Learning and memory deficits in Notch mutant mice.

Notch is a critical component of evolutionarily conserved signaling mechanisms that regulate development and may contribute to plasticity-related processes, including changes in neurite structure and maintenance of neural stem cells. Deficits in the Notch pathway are responsible for Alagille and Cadasil syndromes, which are associated with mental retardation and dementia. Additionally, in postmitotic neurons, Notch proteins interact with presenilins and with beta-amyloid precursor protein and could therefore have a role in the memory deficits associated with familial and sporadic Alzheimer's disease. To test if alterations in Notch signaling can lead to learning and memory deficits, we studied mice with mutations in this pathway. Here, we show that null heterozygous mutations in Notch1 result in deficits in spatial learning and memory without affecting other forms of learning, motor control, or exploratory activity. We also show that null heterozygous mutations in the downstream cofactor RBP-J result in similarly specific spatial learning and memory deficits.

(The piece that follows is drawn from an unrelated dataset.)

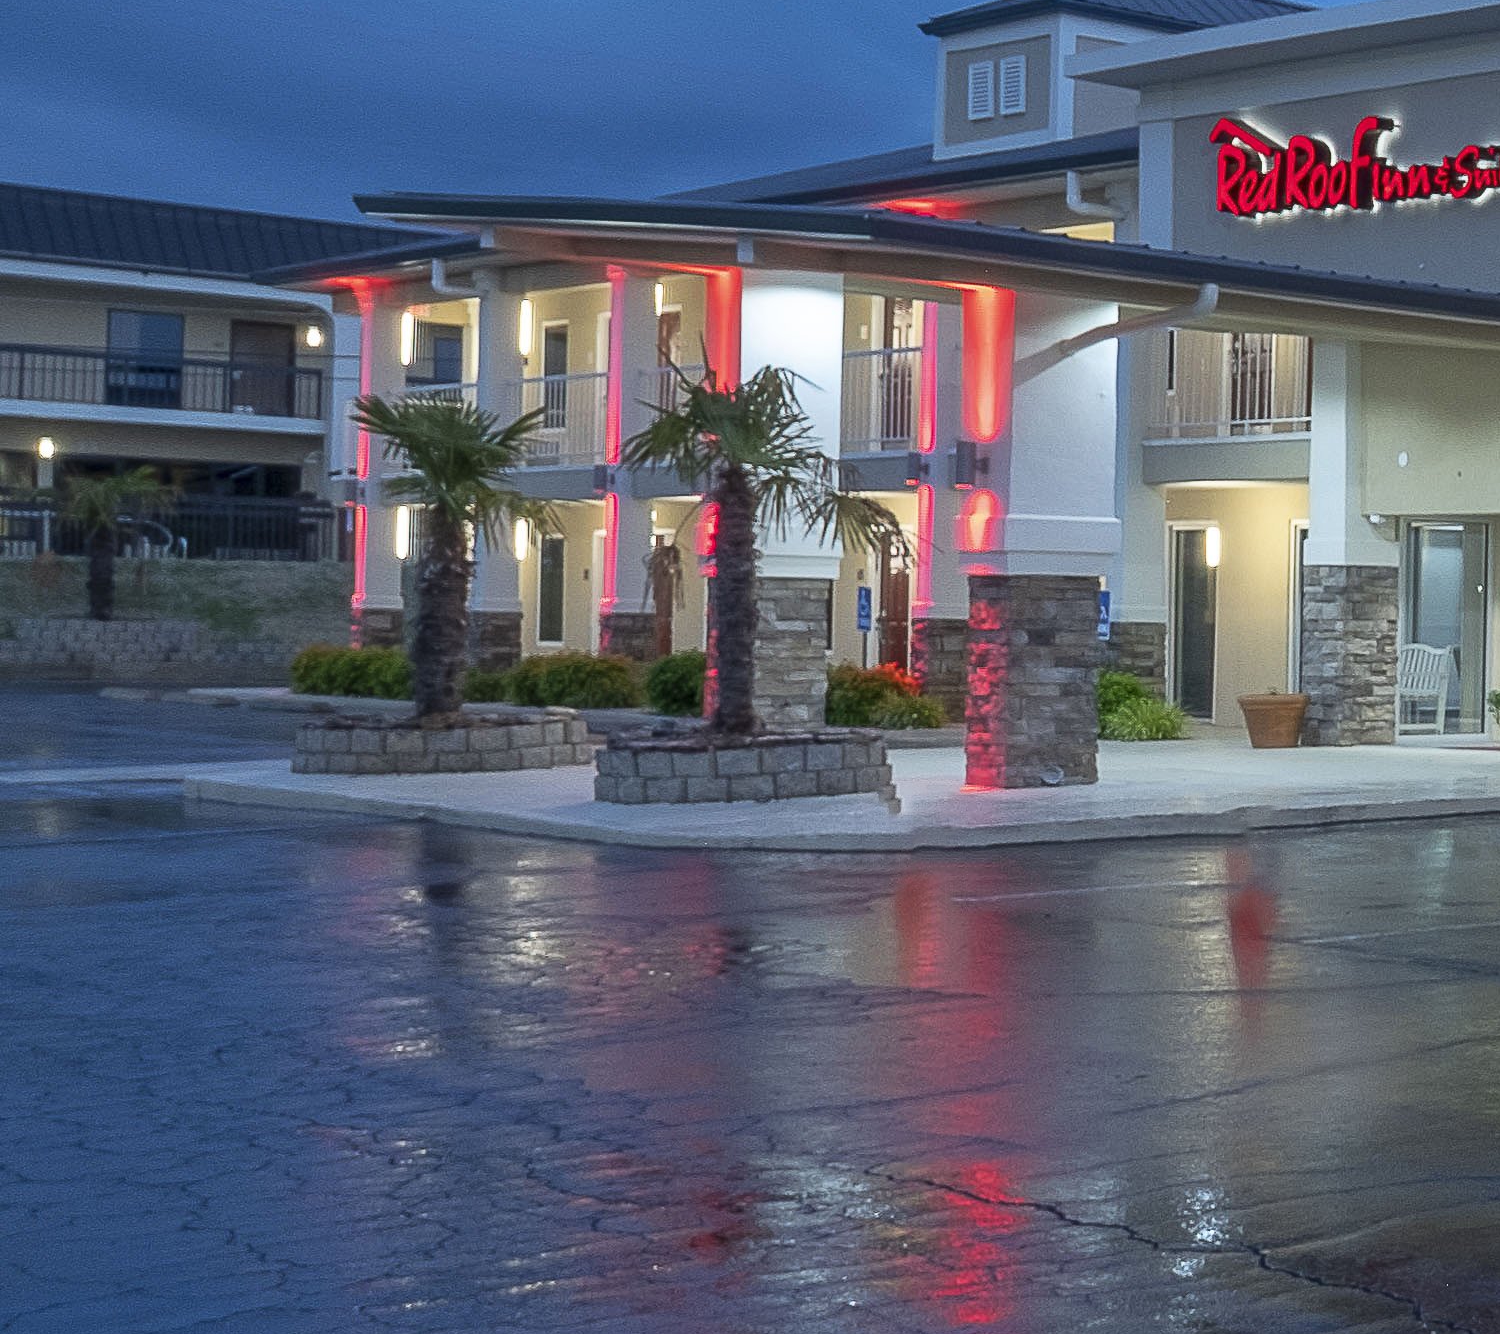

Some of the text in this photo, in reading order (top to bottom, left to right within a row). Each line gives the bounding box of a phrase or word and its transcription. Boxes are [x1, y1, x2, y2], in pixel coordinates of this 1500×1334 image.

These data indicate that a constitutive decrease in Notch signaling can result in specific learning and memory deficits and suggest that abnormalities in Notch-dependent transcription may contribute to the cognitive deficits associated with Alzheimer's disease and Alagille and Cadasil syndromes.[1]


  1. Learning and memory deficits in Notch mutant mice. Costa, R.M., Honjo, T., Silva, A.J. Curr. Biol. (2003) [Pubmed]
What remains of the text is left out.